Deep learning with limited data: A synthetic approach
Publish date: 2022-01-24
Report number: FOI-R--5215--SE
Pages: 50
Written in: English
Keywords:
- Artificial intelligence
- machine learning
- deep learning
- deep neural networks
- synthetic data
- simulation
- generative models
- transfer learning
Abstract
This report focuses on how synthetic data, created using simulation or generative models, can be used to address the deep learning data challenge. These techniques offer many advantages: 1) data can be created for rare cases that are difficult to observe in the real world; 2) data can be automatically labeled without errors; and 3) data can be created with little or no infringement on privacy and integrity. Synthetic data can be integrated into the deep learning process using techniques such as data augmentation or by mixing synthetic data with real-world data prior to training.

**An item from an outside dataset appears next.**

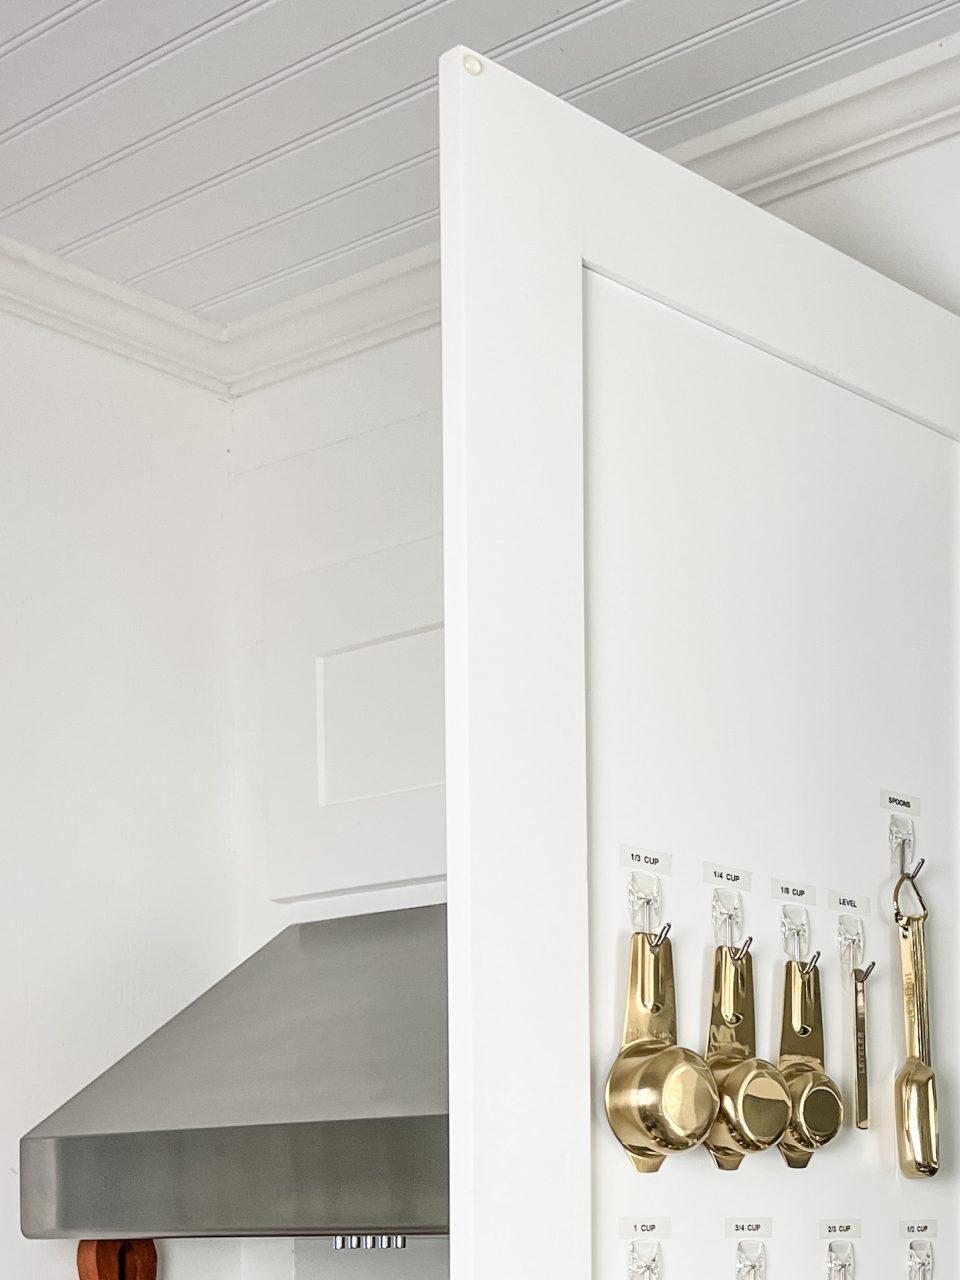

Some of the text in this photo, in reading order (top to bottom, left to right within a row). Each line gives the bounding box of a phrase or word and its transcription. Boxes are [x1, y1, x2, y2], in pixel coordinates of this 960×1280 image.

This report, however, focuses mainly on the use of transfer learning techniques where knowledge gained while solving one problem is transferred to more efficiently solve another related problem. Besides introducing synthetic data generation and transfer learning techniques, this report presents experimental results that provide valuable insights into the potential of the synthetic data approach in the context of pilot behavior cloning, vehicle detection and face verification tasks. Preliminary results from the experiments show that military simulators and generative models can be used to support deep learning applications. However, the performance is often limited by the fidelity gap between synthetic and real-world data.